- **Required action**:
The response should be an exact copy of the records, with the pictures removed.

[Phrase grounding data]

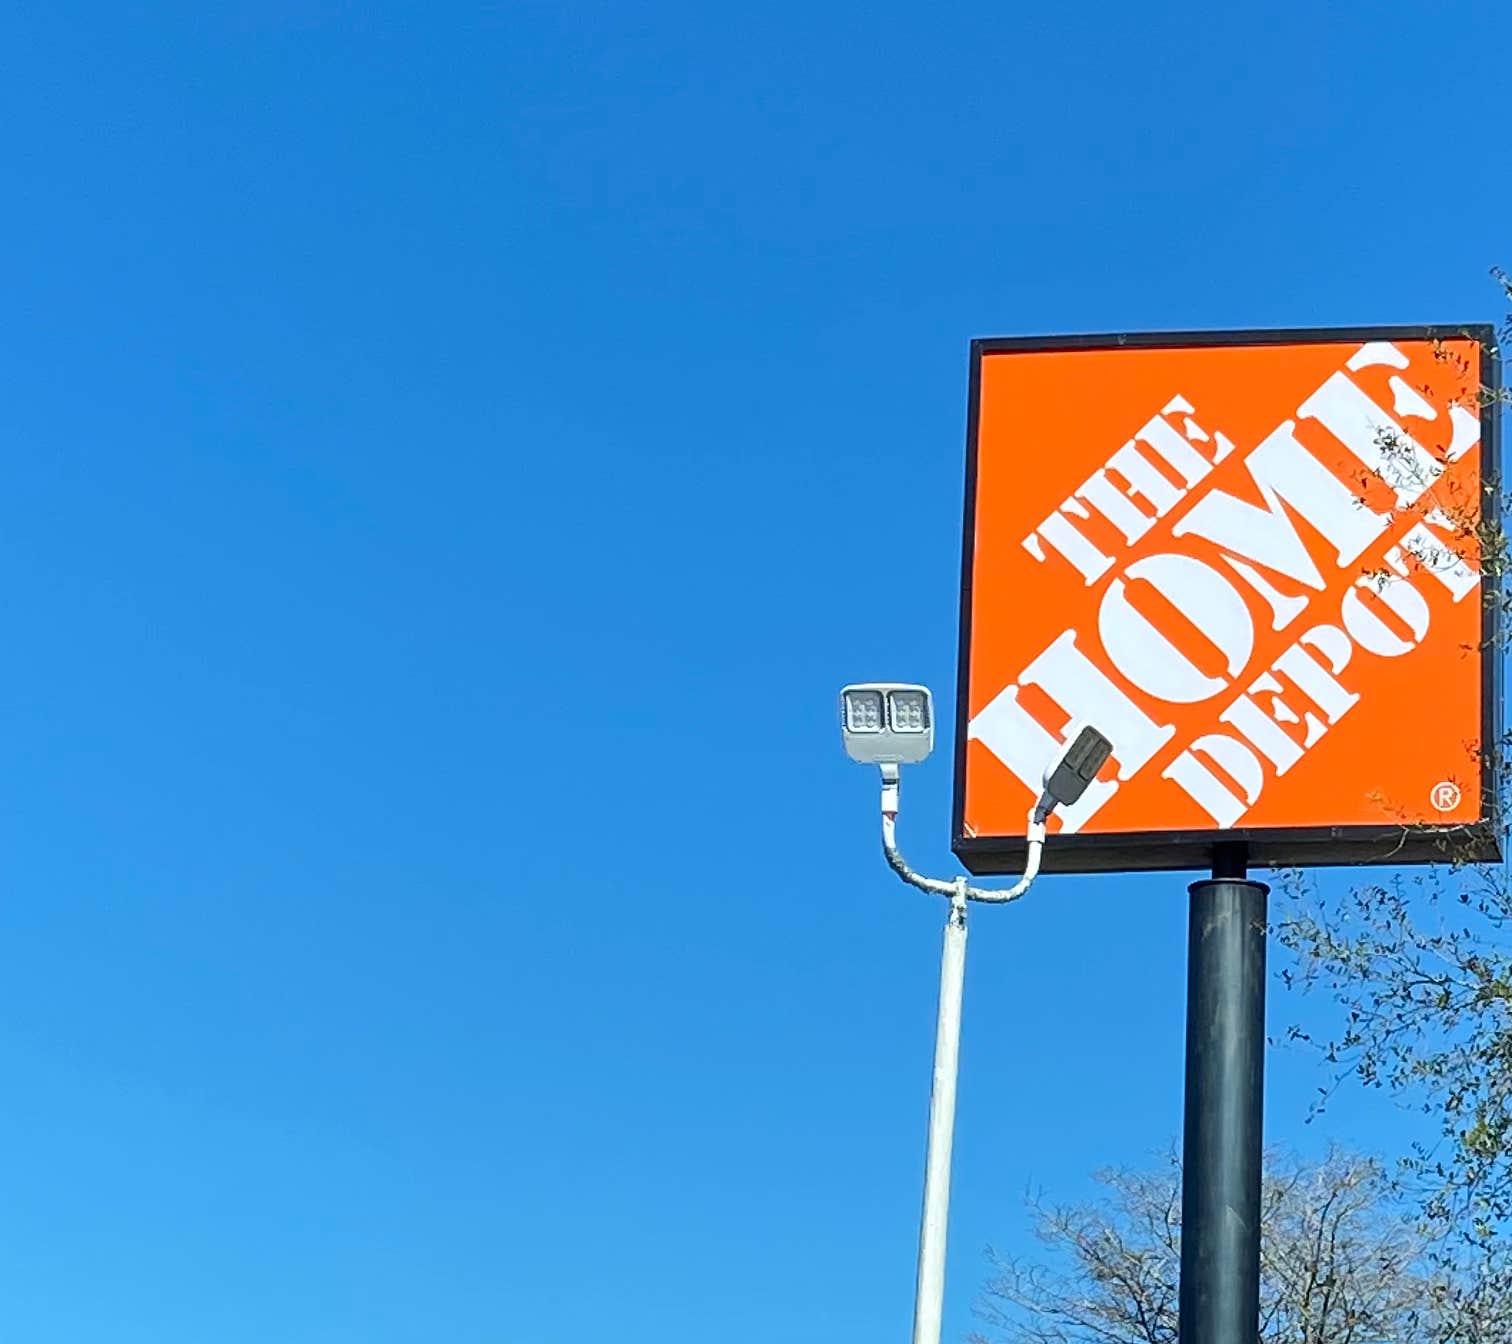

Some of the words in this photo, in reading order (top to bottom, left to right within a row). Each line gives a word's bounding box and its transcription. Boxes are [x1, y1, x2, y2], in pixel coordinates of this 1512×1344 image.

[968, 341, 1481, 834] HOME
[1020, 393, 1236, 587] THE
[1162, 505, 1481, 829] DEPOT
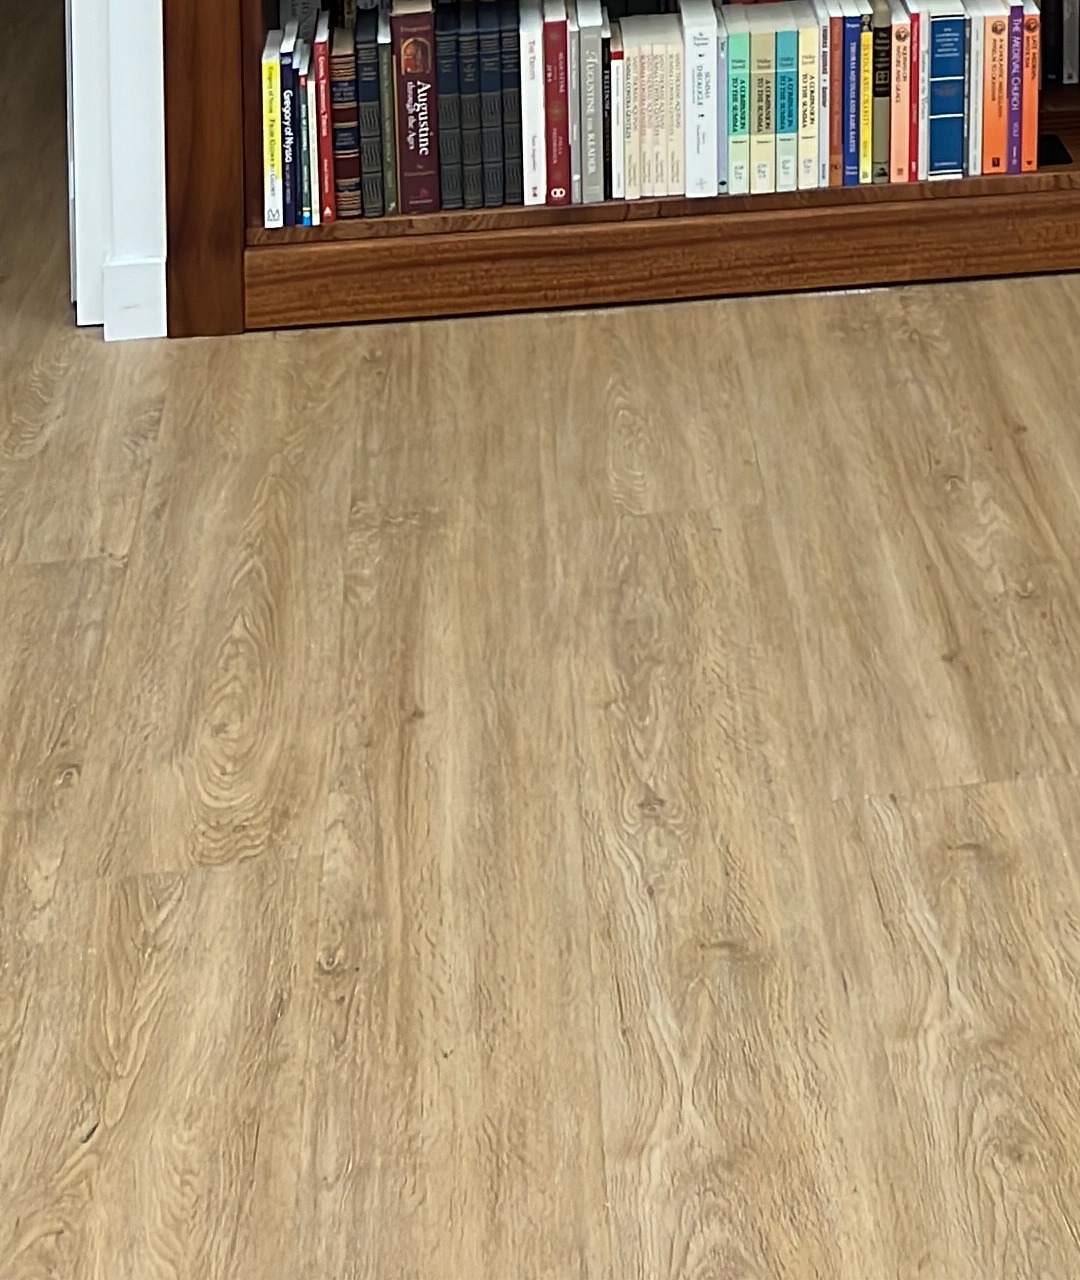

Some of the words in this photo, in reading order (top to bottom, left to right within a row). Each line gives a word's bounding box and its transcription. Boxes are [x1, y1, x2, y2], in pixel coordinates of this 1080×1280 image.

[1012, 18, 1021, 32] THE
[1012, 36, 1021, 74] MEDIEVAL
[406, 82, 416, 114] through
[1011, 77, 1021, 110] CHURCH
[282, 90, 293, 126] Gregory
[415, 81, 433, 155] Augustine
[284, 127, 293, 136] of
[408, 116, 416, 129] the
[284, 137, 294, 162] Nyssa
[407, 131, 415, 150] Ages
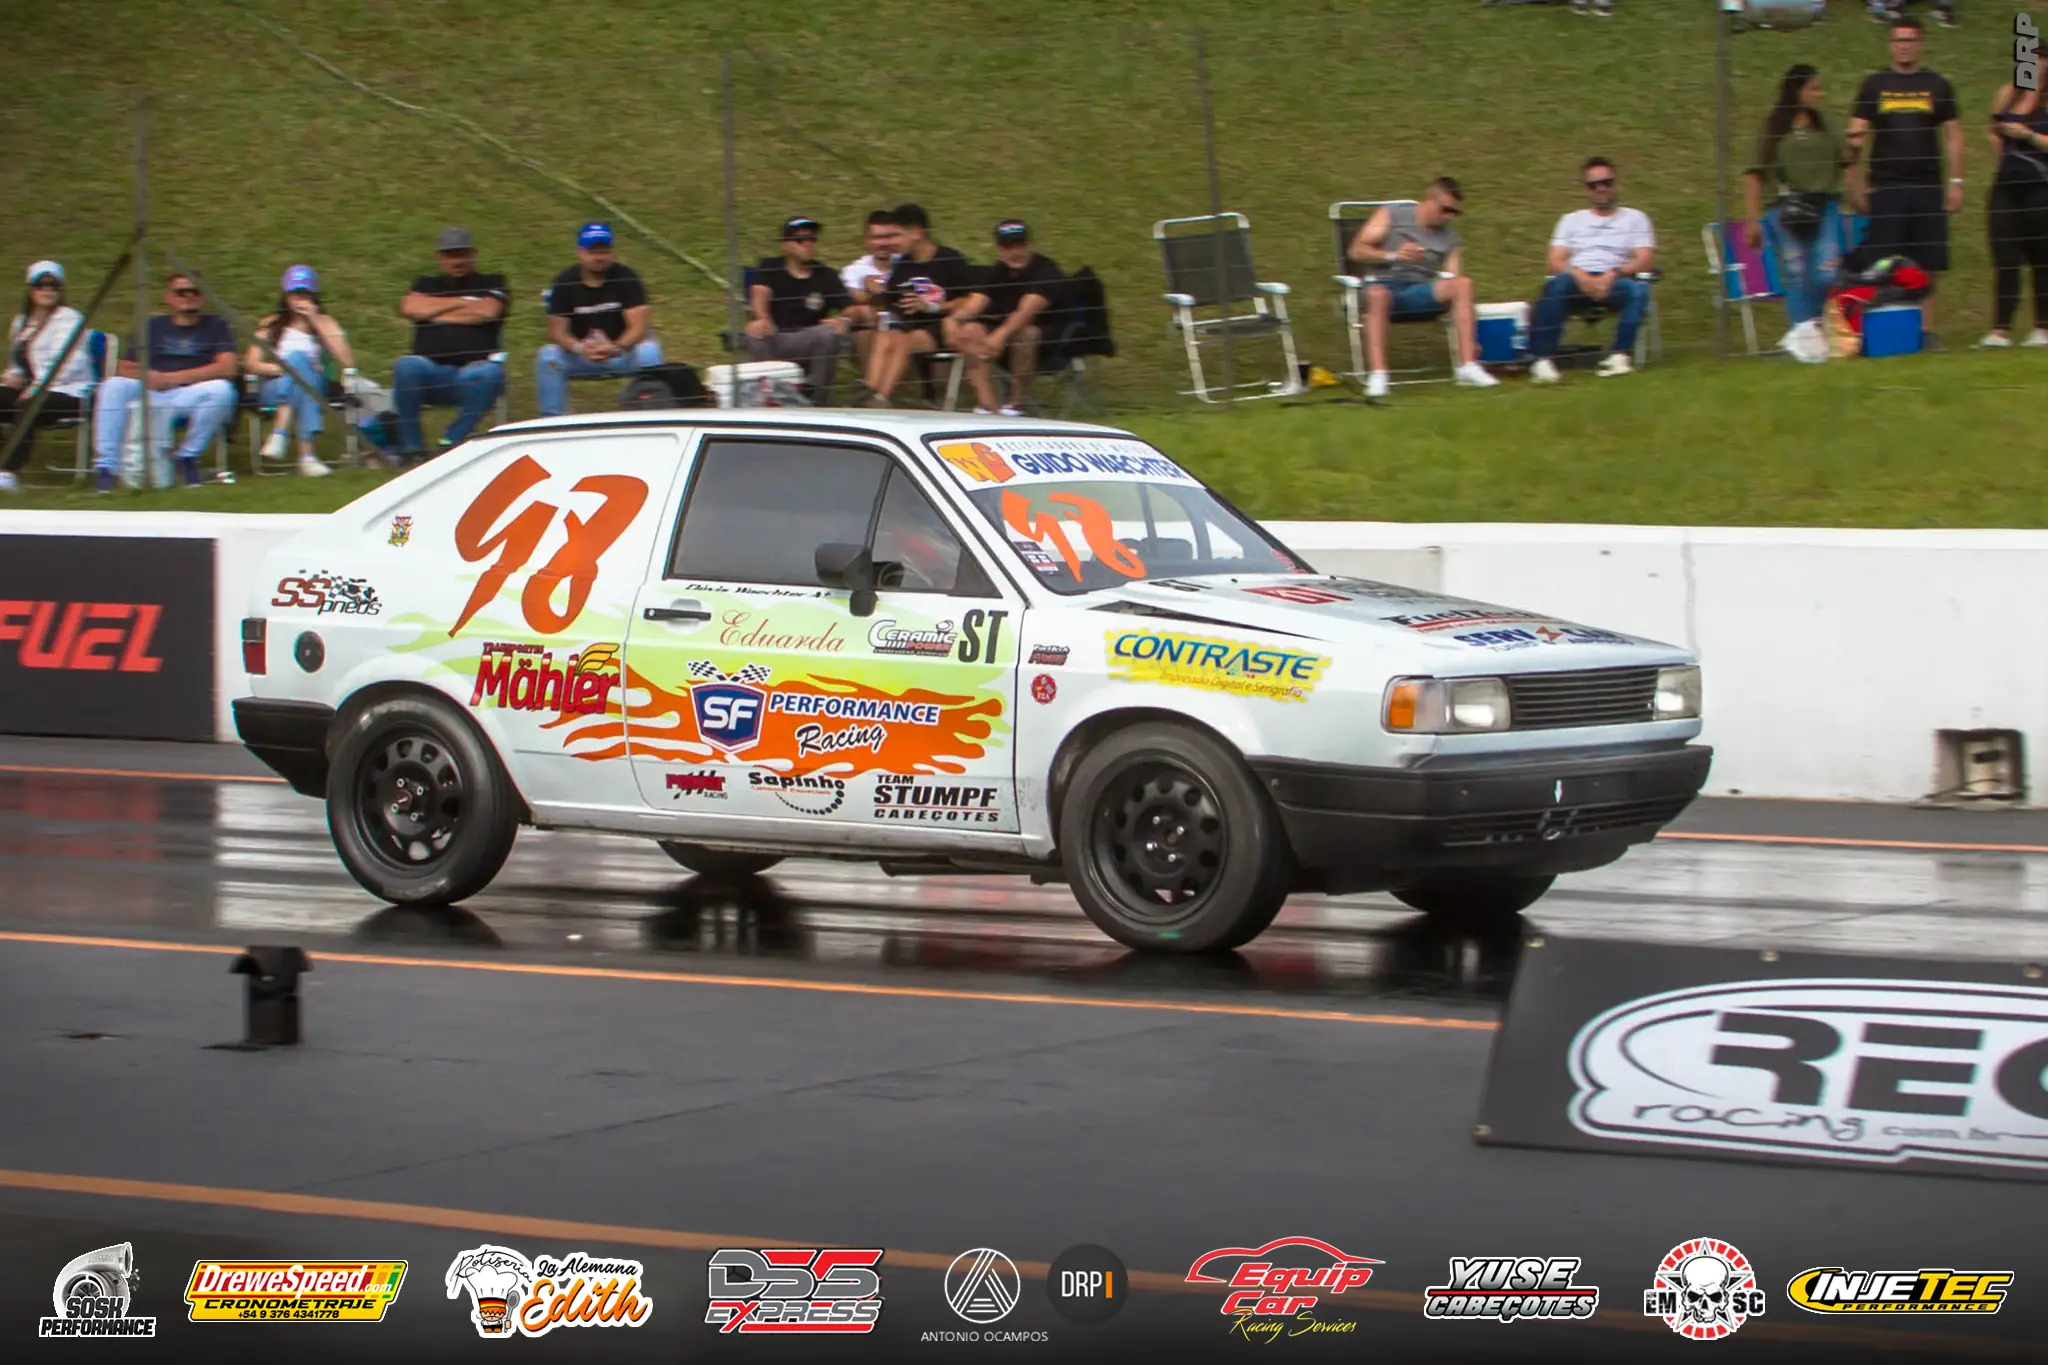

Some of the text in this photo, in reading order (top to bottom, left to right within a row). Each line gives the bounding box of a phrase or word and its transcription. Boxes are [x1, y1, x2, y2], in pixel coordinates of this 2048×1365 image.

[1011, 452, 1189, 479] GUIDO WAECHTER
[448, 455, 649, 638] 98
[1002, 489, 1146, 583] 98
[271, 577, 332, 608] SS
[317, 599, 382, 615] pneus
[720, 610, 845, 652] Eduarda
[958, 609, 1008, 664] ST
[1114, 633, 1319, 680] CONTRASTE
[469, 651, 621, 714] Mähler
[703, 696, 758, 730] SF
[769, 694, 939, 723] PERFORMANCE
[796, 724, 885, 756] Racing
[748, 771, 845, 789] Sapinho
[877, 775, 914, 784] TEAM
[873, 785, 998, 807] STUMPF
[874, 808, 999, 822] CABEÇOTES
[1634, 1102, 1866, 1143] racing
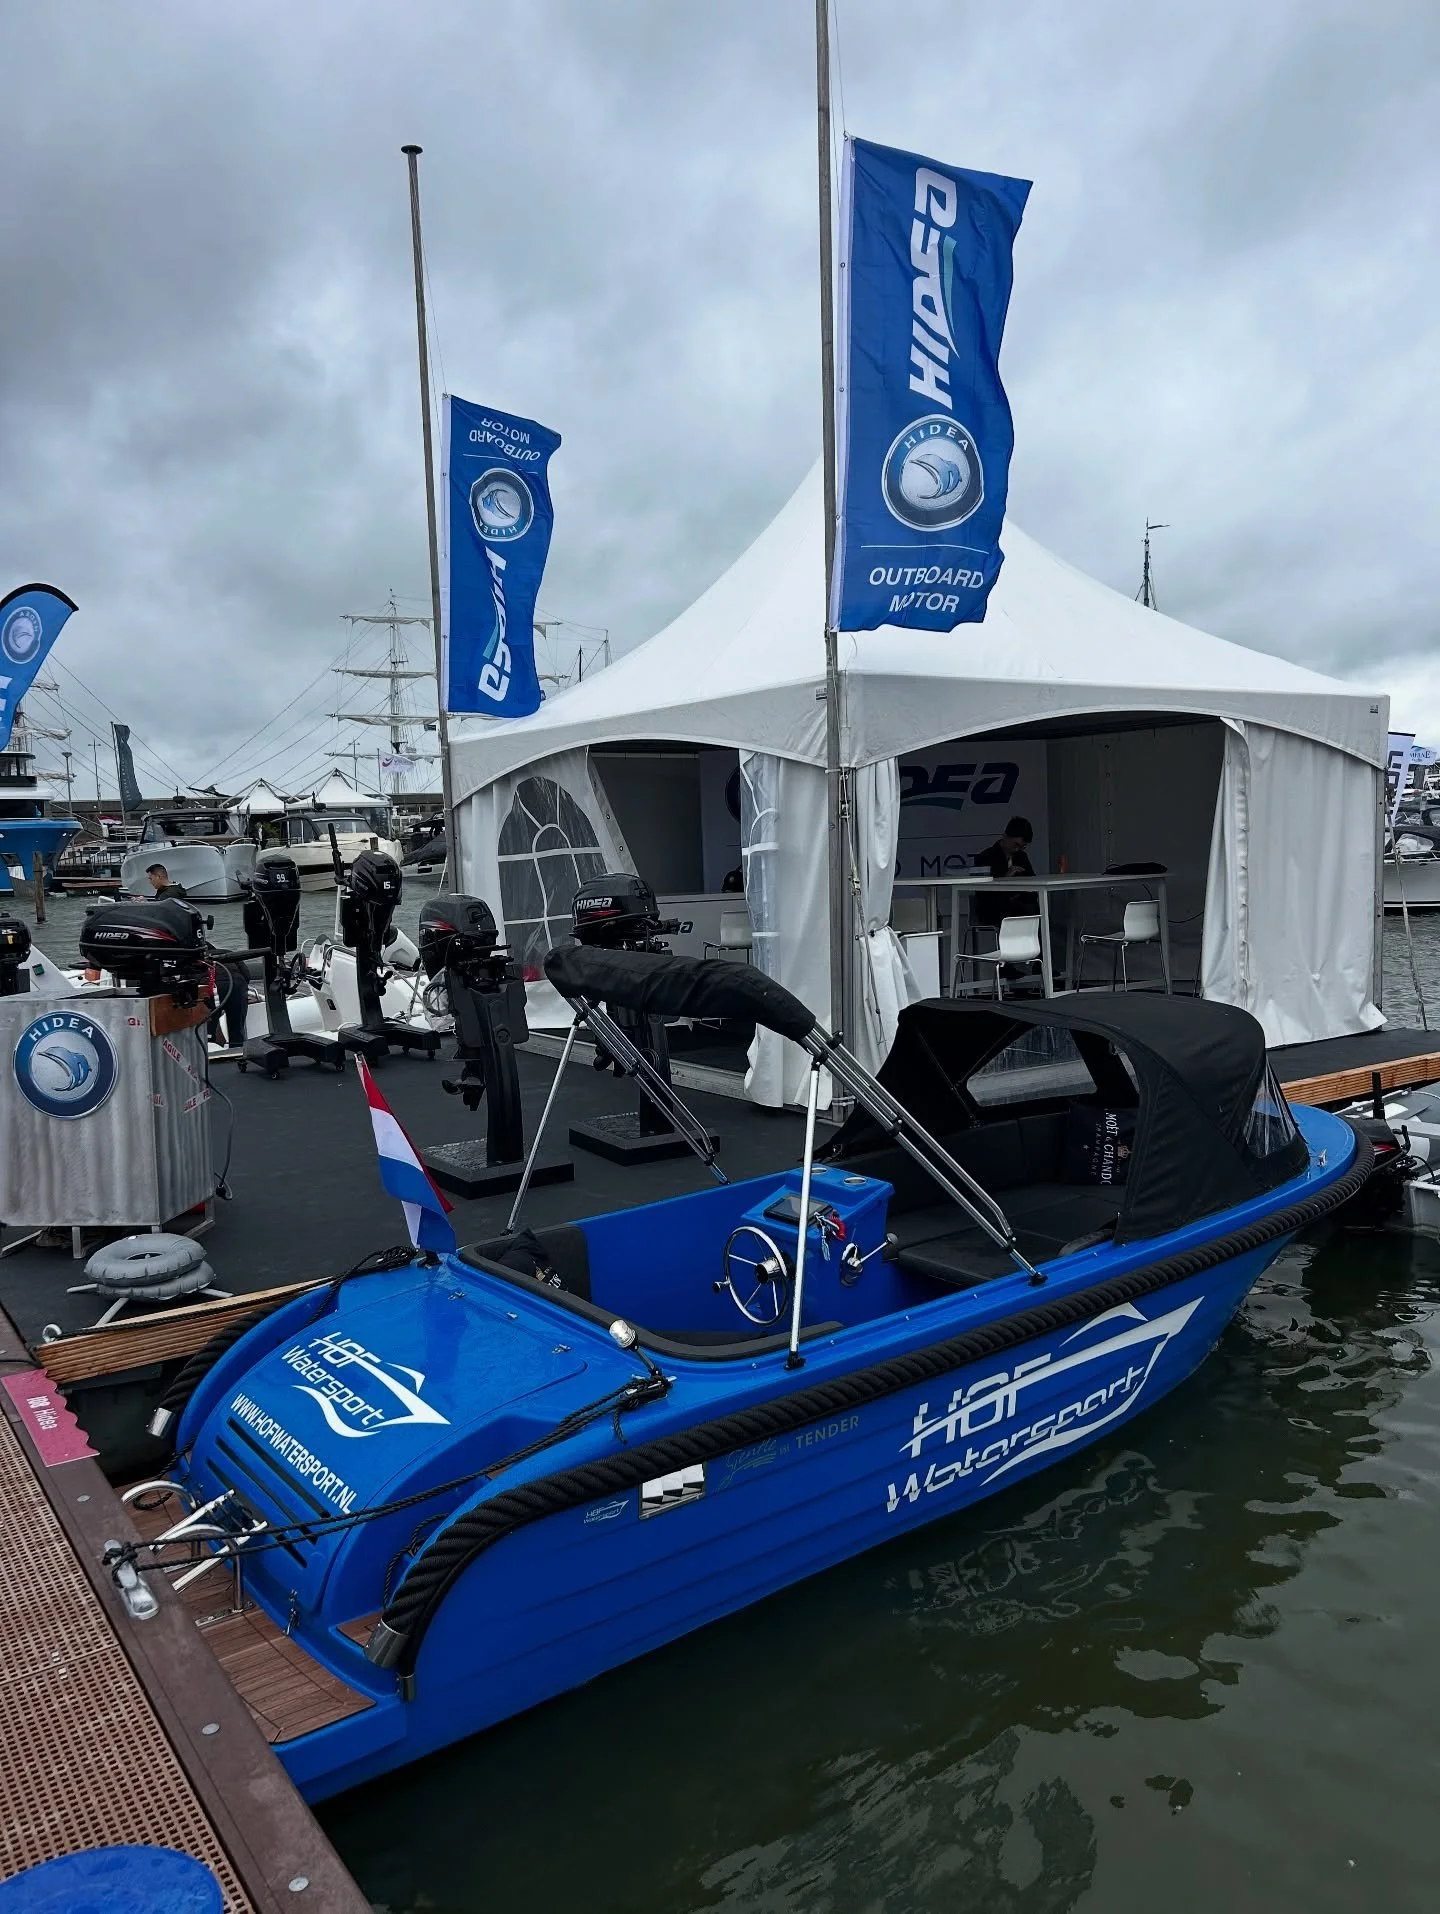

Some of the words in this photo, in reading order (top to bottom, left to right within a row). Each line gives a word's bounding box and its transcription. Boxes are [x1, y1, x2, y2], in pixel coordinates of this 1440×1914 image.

- **Completed task**:
Some of the words in this photo, in reading order (top to bottom, left to right within a row). Each line gives a word's bounding box and its transcription. Boxes are [x1, y1, x2, y2], in pixel coordinates of this 1512×1344 image.

[968, 341, 1481, 834] HOME
[1020, 393, 1236, 587] THE
[1162, 505, 1481, 829] DEPOT

Some of the words in this photo, in reading order (top to bottom, left to right within a row). Each line gives a word's bounding box and its transcription. Boxes are [x1, y1, x2, y2], in pixel coordinates of this 1080×1280 image.

[1012, 18, 1021, 32] THE
[1012, 36, 1021, 74] MEDIEVAL
[406, 82, 416, 114] through
[1011, 77, 1021, 110] CHURCH
[282, 90, 293, 126] Gregory
[415, 81, 433, 155] Augustine
[284, 127, 293, 136] of
[408, 116, 416, 129] the
[284, 137, 294, 162] Nyssa
[407, 131, 415, 150] Ages

Some of the text in this photo, in reading order (top to bottom, left to right within a row). Each line gives the bounding box of a phrase or word and its transcription. Boxes are [x1, y1, x2, y2], in pixel coordinates of this 2048×1365 image.

[1011, 452, 1189, 479] GUIDO WAECHTER
[448, 455, 649, 638] 98
[1002, 489, 1146, 583] 98
[271, 577, 332, 608] SS
[317, 599, 382, 615] pneus
[720, 610, 845, 652] Eduarda
[958, 609, 1008, 664] ST
[1114, 633, 1319, 680] CONTRASTE
[469, 651, 621, 714] Mähler
[703, 696, 758, 730] SF
[769, 694, 939, 723] PERFORMANCE
[796, 724, 885, 756] Racing
[748, 771, 845, 789] Sapinho
[877, 775, 914, 784] TEAM
[873, 785, 998, 807] STUMPF
[874, 808, 999, 822] CABEÇOTES
[1634, 1102, 1866, 1143] racing

Some of the words in this photo, in reading order (top to bottom, left to right within a row). Each line gives a word's bounding box and its transcription. Boxes are [x1, y1, x2, y2], in pixel coordinates of this 1440×1914 image.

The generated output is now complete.